Quarteto Fantástico realça o melhor do Brasil

Quarteto Fantastico3Tinha até o ingresso. Afinal não é todo dia que a seleção brasileira joga no Mane Garrincha em Brasília. A cidade estava eufórica e um inundação verde-amarela tomou conta de suas amplas vias. O jogo que começaria por volta das 4 da tarde já mobilizava milhares de pessoas ainda na parte da manhã. O domingo prometia. O burburinho de gente me fez desistir de ir ao estádio. Assisti em casa os 5 a 0 do jogo Brasil x Chile. O que vi pela telinha mágica me fez lembrar de outros tempos: a Copa de 1970. O quarteto fantástico de hoje (Ronaldo, Robinho, Adriano e Kaká) me trazia toda a emoção do antigo quarteto fantástico que trouxe a Taça Jules Rimet para o Brasil. Eram: Pelé, Tostão, Gérson e Jairizinho.

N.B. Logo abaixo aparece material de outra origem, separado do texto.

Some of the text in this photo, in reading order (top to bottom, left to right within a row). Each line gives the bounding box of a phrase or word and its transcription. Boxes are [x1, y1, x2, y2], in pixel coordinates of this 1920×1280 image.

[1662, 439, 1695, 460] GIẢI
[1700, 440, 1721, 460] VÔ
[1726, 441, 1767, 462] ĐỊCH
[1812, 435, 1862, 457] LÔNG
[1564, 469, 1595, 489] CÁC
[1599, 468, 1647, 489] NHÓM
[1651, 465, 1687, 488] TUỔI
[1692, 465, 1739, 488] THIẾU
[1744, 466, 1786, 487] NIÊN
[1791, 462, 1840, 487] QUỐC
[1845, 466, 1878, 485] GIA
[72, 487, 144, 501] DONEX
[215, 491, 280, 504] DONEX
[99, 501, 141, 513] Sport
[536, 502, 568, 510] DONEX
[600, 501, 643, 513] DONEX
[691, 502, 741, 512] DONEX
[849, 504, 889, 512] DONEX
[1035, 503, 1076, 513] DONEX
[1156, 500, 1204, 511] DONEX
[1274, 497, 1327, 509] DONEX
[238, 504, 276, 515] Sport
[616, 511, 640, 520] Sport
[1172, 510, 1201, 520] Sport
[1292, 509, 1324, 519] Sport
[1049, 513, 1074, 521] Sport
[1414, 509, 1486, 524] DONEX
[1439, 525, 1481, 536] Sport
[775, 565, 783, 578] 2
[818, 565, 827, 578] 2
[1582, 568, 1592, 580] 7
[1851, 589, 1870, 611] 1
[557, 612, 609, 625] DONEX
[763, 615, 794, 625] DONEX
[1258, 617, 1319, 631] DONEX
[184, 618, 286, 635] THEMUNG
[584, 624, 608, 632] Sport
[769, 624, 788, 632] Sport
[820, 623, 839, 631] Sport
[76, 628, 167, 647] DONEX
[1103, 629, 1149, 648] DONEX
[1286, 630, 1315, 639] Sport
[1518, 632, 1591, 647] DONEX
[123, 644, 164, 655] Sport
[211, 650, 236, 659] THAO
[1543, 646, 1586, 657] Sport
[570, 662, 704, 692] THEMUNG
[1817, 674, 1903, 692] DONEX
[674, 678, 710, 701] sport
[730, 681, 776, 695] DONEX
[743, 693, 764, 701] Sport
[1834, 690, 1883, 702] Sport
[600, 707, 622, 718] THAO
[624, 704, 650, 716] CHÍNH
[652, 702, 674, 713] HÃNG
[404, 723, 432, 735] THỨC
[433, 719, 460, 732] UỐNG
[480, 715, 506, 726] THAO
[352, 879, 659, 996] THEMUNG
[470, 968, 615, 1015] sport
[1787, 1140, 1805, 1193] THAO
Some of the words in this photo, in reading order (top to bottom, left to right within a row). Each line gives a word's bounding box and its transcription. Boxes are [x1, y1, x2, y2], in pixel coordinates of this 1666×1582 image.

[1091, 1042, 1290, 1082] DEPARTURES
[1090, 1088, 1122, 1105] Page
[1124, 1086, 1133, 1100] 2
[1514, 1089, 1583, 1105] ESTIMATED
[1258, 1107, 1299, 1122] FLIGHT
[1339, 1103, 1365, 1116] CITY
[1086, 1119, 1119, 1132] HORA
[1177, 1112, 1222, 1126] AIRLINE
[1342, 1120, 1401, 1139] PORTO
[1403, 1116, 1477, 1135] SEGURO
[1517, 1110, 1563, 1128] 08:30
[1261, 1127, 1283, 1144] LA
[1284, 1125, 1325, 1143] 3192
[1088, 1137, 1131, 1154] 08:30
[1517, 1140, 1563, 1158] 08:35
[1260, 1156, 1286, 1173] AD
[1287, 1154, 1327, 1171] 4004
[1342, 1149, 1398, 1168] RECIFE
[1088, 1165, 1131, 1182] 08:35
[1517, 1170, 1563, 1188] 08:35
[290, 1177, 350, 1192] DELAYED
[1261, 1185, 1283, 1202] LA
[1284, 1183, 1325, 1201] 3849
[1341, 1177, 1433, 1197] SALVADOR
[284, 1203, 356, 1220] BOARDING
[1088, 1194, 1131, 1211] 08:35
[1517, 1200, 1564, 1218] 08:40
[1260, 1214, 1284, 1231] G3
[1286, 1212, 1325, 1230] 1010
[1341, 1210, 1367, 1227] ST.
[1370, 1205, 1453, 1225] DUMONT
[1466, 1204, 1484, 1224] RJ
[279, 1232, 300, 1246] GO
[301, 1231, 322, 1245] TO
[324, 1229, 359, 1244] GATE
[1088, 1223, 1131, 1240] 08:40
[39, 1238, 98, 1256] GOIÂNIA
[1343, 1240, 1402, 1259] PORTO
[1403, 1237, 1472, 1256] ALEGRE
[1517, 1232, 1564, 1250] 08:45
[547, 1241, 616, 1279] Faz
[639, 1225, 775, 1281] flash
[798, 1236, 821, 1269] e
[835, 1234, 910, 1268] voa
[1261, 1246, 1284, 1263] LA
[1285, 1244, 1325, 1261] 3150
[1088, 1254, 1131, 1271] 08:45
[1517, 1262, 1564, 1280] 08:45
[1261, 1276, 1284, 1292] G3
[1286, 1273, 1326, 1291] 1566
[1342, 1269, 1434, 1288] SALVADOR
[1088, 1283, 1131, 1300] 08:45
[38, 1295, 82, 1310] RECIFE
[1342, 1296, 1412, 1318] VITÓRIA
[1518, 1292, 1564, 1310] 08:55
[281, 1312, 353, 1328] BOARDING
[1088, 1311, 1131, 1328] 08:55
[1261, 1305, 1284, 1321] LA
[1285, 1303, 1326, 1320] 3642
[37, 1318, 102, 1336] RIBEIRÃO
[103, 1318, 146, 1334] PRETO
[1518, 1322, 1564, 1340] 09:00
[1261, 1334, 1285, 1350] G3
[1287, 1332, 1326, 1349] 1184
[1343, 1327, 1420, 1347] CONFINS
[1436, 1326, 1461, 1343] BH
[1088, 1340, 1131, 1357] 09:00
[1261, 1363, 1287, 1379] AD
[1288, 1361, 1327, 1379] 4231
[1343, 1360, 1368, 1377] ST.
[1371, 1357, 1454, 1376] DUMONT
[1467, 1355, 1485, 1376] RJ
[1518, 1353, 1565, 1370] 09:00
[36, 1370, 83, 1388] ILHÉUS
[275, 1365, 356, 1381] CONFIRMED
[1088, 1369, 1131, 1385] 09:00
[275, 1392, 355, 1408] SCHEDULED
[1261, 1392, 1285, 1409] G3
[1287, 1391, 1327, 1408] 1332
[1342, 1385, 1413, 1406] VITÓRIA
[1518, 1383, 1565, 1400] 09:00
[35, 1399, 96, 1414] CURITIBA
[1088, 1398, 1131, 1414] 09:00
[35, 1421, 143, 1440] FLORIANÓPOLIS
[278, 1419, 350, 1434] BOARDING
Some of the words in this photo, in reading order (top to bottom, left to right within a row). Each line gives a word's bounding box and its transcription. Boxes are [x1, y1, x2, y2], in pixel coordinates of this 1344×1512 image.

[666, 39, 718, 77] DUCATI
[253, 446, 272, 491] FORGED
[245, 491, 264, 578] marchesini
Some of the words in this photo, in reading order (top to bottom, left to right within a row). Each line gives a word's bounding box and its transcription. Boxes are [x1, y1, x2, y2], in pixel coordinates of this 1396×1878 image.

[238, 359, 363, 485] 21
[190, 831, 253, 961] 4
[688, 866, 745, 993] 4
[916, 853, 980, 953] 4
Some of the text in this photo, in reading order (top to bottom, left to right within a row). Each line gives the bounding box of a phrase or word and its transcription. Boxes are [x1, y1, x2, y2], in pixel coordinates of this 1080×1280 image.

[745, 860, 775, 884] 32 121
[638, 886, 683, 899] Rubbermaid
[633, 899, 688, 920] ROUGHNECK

Naqueles dias de Guadalajara no México tinha meus pueris 11 anos e o Brasil vivia os anos de chumbo. Hoje, 35 anos passados, vivemos outro tipo de anos… talvez de um elemento ainda mais pesado. Esse que se aninha sempre que há carência de ética. O primeiro gol de Juan, o de Robinho e dos três canhões do “Imperatore Adriano” foram suficientes para esquecer as mazelas do dia a dia. Sim. O futebol é mágico e nos faz driblar os dias atravessados, acenando com um povo engalanado de festa, sorrisos e criatividade. O céu de Brasília fez aflorar o melhor do Brasil: a explosão de criativa alegria.

One Response so far.

  1. Otávio Trindade disse:

    Querido Tom, essa foi a primeira vez que leio um artigo esportivo de sua autoria. Como não poderia deixar de ser, gostei muito! Não concordo com aqueles que dizem que o futebol só aliena o povo. Quer dizer que deveríamos nos afundar nas obscenidades da política nacional e esquecer da bela combinação entre criatividade e esporte? Não, isso ninguém tira do nosso país. E não devemos subestimar as vantagens do futebol para as relações internacionais do Brasil. Foi o Santos de Pelé que parou uma guerra entre o Congo francês e o Congo belga quando de seus jogos nas respectivas capitais, Brazaville e Kinshasa, exigência dos beligerantes. E qual foi o brasileiro que nunca foi tratado com mais simpatia no exterior só pelo nosso futebol? Quando não estamos na nossa casa, isso conta, e muito.